Reliability depends on the identity being present, permissioned, and stable for the life of the assignment. If a system-assigned identity is deleted with the assignment, remediation history and future tasks can break. If a user-assigned identity is moved, disabled, or stripped of roles, previously working remediation may begin failing. Reliable policy operations verify identity principal IDs, role assignments, assignment scope, and remediation task results after deployment. Runbooks should explain how to recreate or reassign identity safely. For critical governance controls, alerts should catch failed remediation tasks before compliance gaps accumulate across subscriptions. Runbooks should capture expected behavior, safe fallback choices, owner escalation paths, and validation after change.

Performance

Performance is not about application latency; it is about policy evaluation and remediation throughput.
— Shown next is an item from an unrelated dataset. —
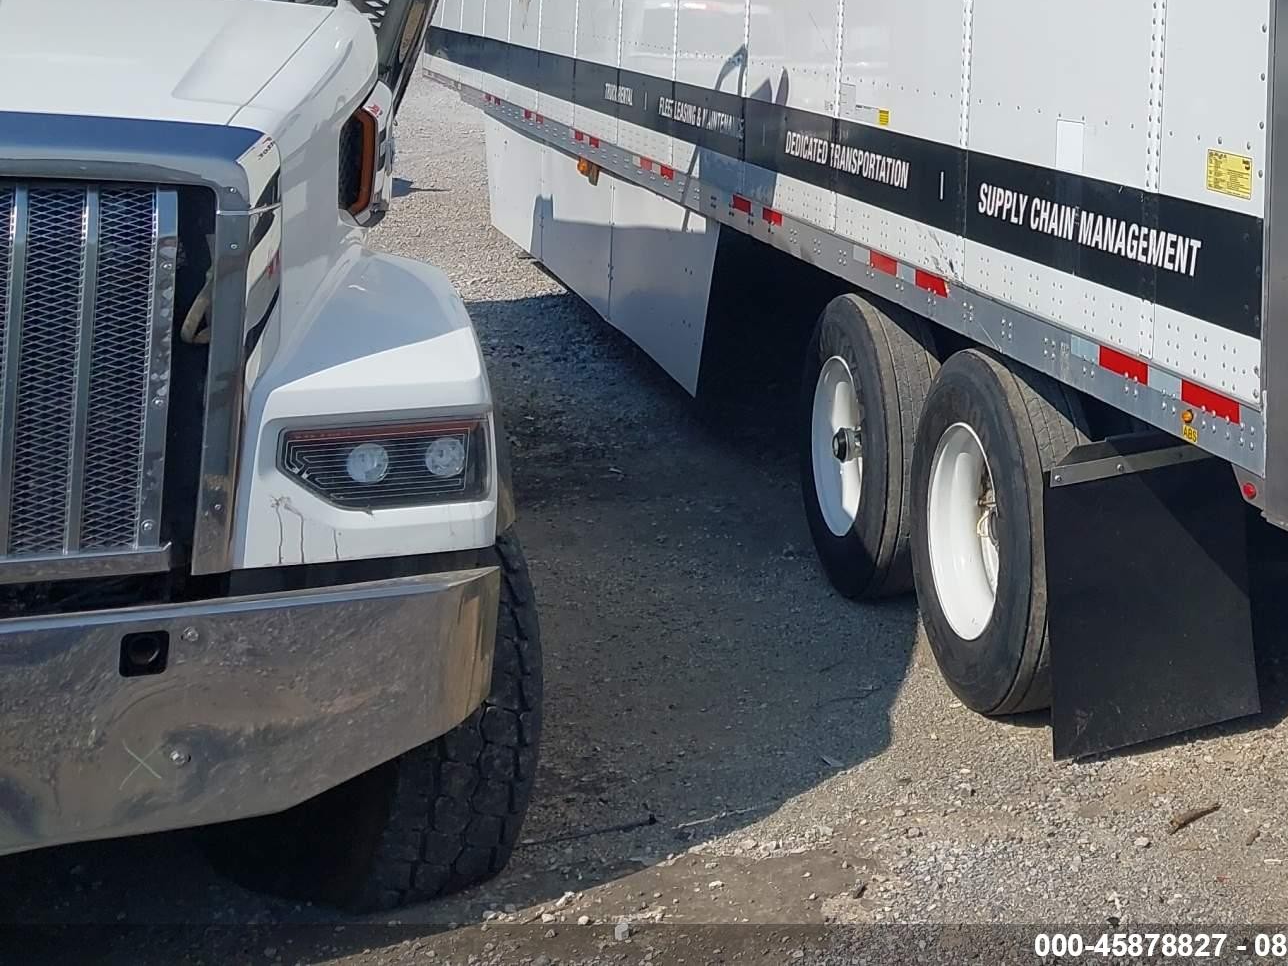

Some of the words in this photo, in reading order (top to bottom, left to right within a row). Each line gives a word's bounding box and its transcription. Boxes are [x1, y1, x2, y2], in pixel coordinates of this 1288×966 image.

A policy assignment with a managed identity may trigger deployments or modifications across many resources, and those tasks can take time, queue, throttle, or fail. Large scopes should be rolled out in waves, with remediation tasks monitored for completion and errors. The identity’s permissions affect whether work proceeds efficiently or stalls. Avoid repeatedly launching broad remediation before earlier tasks finish. Operators should measure compliance trend, remediation duration, deployment failures, and throttling so governance automation improves the estate without creating control-plane noise. Teams should validate latency, throughput, saturation, cache behavior, and user impact before treating the setting as harmless.

Operations

Operationally, assignment managed identity belongs in every Azure Policy rollout checklist. Before assigning a modify or deployIfNotExists policy, operators should confirm the effect, required roles, identity type, scope, and remediation plan. CLI checks should show the policy assignment identity and the matching role assignments. After deployment, run a small remediation test and inspect deployment or remediation task errors. Changes should be recorded because policy assignments often outlive the engineer who created them. During audits, evidence should show why the identity has each role and which policy objective requires it. Clear ownership, repeatable checks, dated notes, and escalation paths prevent the signal from becoming tribal knowledge.

Common mistakes

  • Creating a remediation policy but forgetting to attach or permission the assignment managed identity.
  • Granting Contributor broadly when a narrower role and scope would satisfy the remediation action.
  • Deleting or replacing a user-assigned identity without checking all policy assignments that reuse it.
  • Blaming the policy rule when the remediation failure is caused by missing Azure RBAC roles.